For every record below, write out an exact copy.

Given records
-------

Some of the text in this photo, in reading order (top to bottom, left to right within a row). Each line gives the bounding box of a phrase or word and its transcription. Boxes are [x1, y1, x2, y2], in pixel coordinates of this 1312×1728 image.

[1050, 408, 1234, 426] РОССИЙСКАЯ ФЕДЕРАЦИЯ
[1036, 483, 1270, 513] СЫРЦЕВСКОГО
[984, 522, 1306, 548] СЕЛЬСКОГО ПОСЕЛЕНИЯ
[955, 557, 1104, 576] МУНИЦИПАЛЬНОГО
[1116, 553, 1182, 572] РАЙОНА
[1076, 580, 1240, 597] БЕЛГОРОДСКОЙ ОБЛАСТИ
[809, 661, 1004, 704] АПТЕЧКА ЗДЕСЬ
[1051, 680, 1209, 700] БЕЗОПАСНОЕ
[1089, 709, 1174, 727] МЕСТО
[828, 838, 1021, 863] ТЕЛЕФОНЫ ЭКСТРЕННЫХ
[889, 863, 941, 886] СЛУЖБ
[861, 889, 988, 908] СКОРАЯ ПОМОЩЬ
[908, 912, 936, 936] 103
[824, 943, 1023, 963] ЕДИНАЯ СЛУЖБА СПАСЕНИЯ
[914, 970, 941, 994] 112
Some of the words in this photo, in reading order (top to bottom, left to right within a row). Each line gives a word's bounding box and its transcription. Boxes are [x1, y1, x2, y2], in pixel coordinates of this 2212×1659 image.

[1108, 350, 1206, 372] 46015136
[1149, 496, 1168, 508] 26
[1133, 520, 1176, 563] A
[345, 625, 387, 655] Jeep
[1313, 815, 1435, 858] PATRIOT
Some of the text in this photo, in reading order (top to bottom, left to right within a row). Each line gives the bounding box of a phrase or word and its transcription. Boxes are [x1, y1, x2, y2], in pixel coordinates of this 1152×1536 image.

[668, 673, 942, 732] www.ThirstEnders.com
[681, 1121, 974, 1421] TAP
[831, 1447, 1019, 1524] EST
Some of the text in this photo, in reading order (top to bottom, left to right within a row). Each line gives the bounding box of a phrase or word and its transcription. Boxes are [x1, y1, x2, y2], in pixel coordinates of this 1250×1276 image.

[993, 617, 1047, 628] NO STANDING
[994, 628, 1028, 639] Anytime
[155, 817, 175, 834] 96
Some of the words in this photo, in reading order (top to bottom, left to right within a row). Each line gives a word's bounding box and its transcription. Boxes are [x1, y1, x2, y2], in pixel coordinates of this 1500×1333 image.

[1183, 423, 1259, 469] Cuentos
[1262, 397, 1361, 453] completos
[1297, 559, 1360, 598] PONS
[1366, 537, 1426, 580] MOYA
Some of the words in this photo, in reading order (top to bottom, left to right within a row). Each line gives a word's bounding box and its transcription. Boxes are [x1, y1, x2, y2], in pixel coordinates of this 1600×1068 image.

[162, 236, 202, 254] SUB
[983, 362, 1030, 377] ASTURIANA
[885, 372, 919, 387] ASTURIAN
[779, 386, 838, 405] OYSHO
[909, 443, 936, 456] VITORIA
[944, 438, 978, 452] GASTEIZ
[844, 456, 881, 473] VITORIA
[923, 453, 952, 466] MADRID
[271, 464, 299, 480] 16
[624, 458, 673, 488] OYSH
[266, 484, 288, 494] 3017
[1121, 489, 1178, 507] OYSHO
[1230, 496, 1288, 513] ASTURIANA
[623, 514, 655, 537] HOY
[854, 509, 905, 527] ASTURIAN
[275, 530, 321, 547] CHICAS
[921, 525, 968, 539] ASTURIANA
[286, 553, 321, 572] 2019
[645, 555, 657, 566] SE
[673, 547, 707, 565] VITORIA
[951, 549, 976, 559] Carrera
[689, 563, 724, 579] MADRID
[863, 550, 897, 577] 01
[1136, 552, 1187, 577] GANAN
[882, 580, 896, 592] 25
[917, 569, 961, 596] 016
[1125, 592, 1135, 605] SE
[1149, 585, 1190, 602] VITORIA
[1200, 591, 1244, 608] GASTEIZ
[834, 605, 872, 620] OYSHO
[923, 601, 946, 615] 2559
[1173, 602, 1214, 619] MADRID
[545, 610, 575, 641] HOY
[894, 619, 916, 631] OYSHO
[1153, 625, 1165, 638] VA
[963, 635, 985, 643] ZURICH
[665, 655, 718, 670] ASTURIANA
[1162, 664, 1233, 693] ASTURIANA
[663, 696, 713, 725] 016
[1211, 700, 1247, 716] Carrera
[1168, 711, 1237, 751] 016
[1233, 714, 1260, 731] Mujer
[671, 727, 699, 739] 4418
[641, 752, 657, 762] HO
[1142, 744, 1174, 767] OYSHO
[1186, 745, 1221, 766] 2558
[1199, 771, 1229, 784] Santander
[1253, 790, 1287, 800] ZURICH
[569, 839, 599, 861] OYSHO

-------

Answer to this problem
Some of the text in this photo, in reading order (top to bottom, left to right within a row). Each line gives the bounding box of a phrase or word and its transcription. Boxes are [x1, y1, x2, y2], in pixel coordinates of this 1312×1728 image.

[1050, 408, 1234, 426] РОССИЙСКАЯ ФЕДЕРАЦИЯ
[1036, 483, 1270, 513] СЫРЦЕВСКОГО
[984, 522, 1306, 548] СЕЛЬСКОГО ПОСЕЛЕНИЯ
[955, 557, 1104, 576] МУНИЦИПАЛЬНОГО
[1116, 553, 1182, 572] РАЙОНА
[1076, 580, 1240, 597] БЕЛГОРОДСКОЙ ОБЛАСТИ
[809, 661, 1004, 704] АПТЕЧКА ЗДЕСЬ
[1051, 680, 1209, 700] БЕЗОПАСНОЕ
[1089, 709, 1174, 727] МЕСТО
[828, 838, 1021, 863] ТЕЛЕФОНЫ ЭКСТРЕННЫХ
[889, 863, 941, 886] СЛУЖБ
[861, 889, 988, 908] СКОРАЯ ПОМОЩЬ
[908, 912, 936, 936] 103
[824, 943, 1023, 963] ЕДИНАЯ СЛУЖБА СПАСЕНИЯ
[914, 970, 941, 994] 112
Some of the words in this photo, in reading order (top to bottom, left to right within a row). Each line gives a word's bounding box and its transcription. Boxes are [x1, y1, x2, y2], in pixel coordinates of this 2212×1659 image.

[1108, 350, 1206, 372] 46015136
[1149, 496, 1168, 508] 26
[1133, 520, 1176, 563] A
[345, 625, 387, 655] Jeep
[1313, 815, 1435, 858] PATRIOT
Some of the text in this photo, in reading order (top to bottom, left to right within a row). Each line gives the bounding box of a phrase or word and its transcription. Boxes are [x1, y1, x2, y2], in pixel coordinates of this 1152×1536 image.

[668, 673, 942, 732] www.ThirstEnders.com
[681, 1121, 974, 1421] TAP
[831, 1447, 1019, 1524] EST
Some of the text in this photo, in reading order (top to bottom, left to right within a row). Each line gives the bounding box of a phrase or word and its transcription. Boxes are [x1, y1, x2, y2], in pixel coordinates of this 1250×1276 image.

[993, 617, 1047, 628] NO STANDING
[994, 628, 1028, 639] Anytime
[155, 817, 175, 834] 96
Some of the words in this photo, in reading order (top to bottom, left to right within a row). Each line gives a word's bounding box and its transcription. Boxes are [x1, y1, x2, y2], in pixel coordinates of this 1500×1333 image.

[1183, 423, 1259, 469] Cuentos
[1262, 397, 1361, 453] completos
[1297, 559, 1360, 598] PONS
[1366, 537, 1426, 580] MOYA
Some of the words in this photo, in reading order (top to bottom, left to right within a row). Each line gives a word's bounding box and its transcription. Boxes are [x1, y1, x2, y2], in pixel coordinates of this 1600×1068 image.

[162, 236, 202, 254] SUB
[983, 362, 1030, 377] ASTURIANA
[885, 372, 919, 387] ASTURIAN
[779, 386, 838, 405] OYSHO
[909, 443, 936, 456] VITORIA
[944, 438, 978, 452] GASTEIZ
[844, 456, 881, 473] VITORIA
[923, 453, 952, 466] MADRID
[271, 464, 299, 480] 16
[624, 458, 673, 488] OYSH
[266, 484, 288, 494] 3017
[1121, 489, 1178, 507] OYSHO
[1230, 496, 1288, 513] ASTURIANA
[623, 514, 655, 537] HOY
[854, 509, 905, 527] ASTURIAN
[275, 530, 321, 547] CHICAS
[921, 525, 968, 539] ASTURIANA
[286, 553, 321, 572] 2019
[645, 555, 657, 566] SE
[673, 547, 707, 565] VITORIA
[951, 549, 976, 559] Carrera
[689, 563, 724, 579] MADRID
[863, 550, 897, 577] 01
[1136, 552, 1187, 577] GANAN
[882, 580, 896, 592] 25
[917, 569, 961, 596] 016
[1125, 592, 1135, 605] SE
[1149, 585, 1190, 602] VITORIA
[1200, 591, 1244, 608] GASTEIZ
[834, 605, 872, 620] OYSHO
[923, 601, 946, 615] 2559
[1173, 602, 1214, 619] MADRID
[545, 610, 575, 641] HOY
[894, 619, 916, 631] OYSHO
[1153, 625, 1165, 638] VA
[963, 635, 985, 643] ZURICH
[665, 655, 718, 670] ASTURIANA
[1162, 664, 1233, 693] ASTURIANA
[663, 696, 713, 725] 016
[1211, 700, 1247, 716] Carrera
[1168, 711, 1237, 751] 016
[1233, 714, 1260, 731] Mujer
[671, 727, 699, 739] 4418
[641, 752, 657, 762] HO
[1142, 744, 1174, 767] OYSHO
[1186, 745, 1221, 766] 2558
[1199, 771, 1229, 784] Santander
[1253, 790, 1287, 800] ZURICH
[569, 839, 599, 861] OYSHO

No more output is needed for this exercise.